У него оказался приятный тенор, и Луиза невольно подумала, что стоит рассказать об этом Бейверли. Вдвоем они сумели бы уговорить Эндрю выступить на благотворительном концерте.
– Ну же, Элиза, вы так музыкальны, должны ее знать. «Дай руку, Рудольф, я слабею, я больше не различаю тебя, в глазах моих темнеет…»
Пульс оглушительно бился в висках, пред глазами Элоизы поплыли круги. «Сломай крошечную косточку – шейный позвонок, и перестаешь быть живым» – прозвучал в голове знакомый голос. Голос ее мастера, Ханса Миллера – нет, не Миллера, а фон Штоля. Элоиза почувствовала, как подкашиваются ноги.
– Отчего вы так бледны? Не переживайте так, мисс Лоуренс, я не стану хуже относиться к вам только оттого, что вы не читали Шиллера и не слышали Верди. Я найду для вас книгу! Просто… я взглянул на вас и – может, память шутит так странно – мне отчего-то показалось, что вы на нее удивительно похожи, на фрау Штоль. Шальная мысль, понимаю… отчего-то показалось, что мы с вами могли бы быть, как они…
Эндрю смутился, поняв, что невольно выдал себя в эмоциональном порыве.
– Нет, не подумайте ничего. Глупости все, непростительная тупость моя, и только. Отчего, собственно, я решил, что вы станете петь со мною дуэты. Просто… вы должны понять, Элиза! Ханс фон Штоль – вы не знаете, какой это был человек! Какой гений! Какой пламень и магнит… Не умею я объяснить такие вещи, проклятье! Он, верно, спился и умер давно, а я все стараюсь походить на него. Но я худший механик, увы, да и пою скверно… Простите! Проклятье, простите же меня и подайте вон ту шестерню!
Он небрежно сложил свой чертеж и затолкал в выдвижной ящик стола. В раздражении не сумел с первой попытки закрыть и оставил так, полузадвинутым. Снова выругался и, размахивая руками, ушел в другой угол мастерской.
В другой день Элоиза заверила бы его, что голос Эндрю хорош, как и его работы, задвинула бы ящик, подала шестеренку, что он потребовал.

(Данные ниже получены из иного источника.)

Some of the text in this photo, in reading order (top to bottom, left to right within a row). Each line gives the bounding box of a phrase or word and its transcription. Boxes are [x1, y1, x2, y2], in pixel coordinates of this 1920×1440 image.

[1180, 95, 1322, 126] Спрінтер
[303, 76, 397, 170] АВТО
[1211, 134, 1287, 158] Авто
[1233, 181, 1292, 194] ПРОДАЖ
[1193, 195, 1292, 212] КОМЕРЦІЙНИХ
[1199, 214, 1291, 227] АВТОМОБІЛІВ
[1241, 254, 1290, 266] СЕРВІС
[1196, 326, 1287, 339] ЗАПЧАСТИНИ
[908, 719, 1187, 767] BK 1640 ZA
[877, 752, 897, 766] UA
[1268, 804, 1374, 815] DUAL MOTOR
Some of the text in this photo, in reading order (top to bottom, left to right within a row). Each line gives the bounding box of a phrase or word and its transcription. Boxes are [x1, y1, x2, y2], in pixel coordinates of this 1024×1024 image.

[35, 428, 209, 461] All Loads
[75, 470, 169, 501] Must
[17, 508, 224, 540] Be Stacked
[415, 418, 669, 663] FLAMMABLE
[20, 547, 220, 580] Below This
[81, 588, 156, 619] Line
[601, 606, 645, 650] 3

Но сейчас, когда мир перевернулся для нее, смешав настоящее и прошлое, она могла лишь пятиться к двери, поминутно извиняясь.
– Не стоит искать книгу. Сама… Я сама прочту. Простите. Мы обязательно обсудим, Эндрю. Я… Мне пора.
– Верно, мисс Элиза. Все верно. Разве может такой человек, как я, представить дуэт с такой… удивительной девушкой, как вы. Да и дядя ваш так ненавидит механику, что проклял бы нас, даже если бы у меня и был шанс…
– Простите, Эндрю. Мне, право, пора идти… Мне нужно…
– О, мисс Лоуренс! – воскликнул, входя, лорд Пайн, товарищ Листона по мастерской. Они вместе делали механическую собаку для бабушки Пайна, в надежде, что старуха оставит внуку свое состояние в обход других родственников. – Слышали, Убийца со стальным прутом снова нанес удар! Девушка еще жива, но медики сомневаются, что выживет. Ее доставили без сознания в госпиталь Чаринг-Кросс… О господи… Листон, держите же! Мисс Лоуренс! Мисс Лоуренс!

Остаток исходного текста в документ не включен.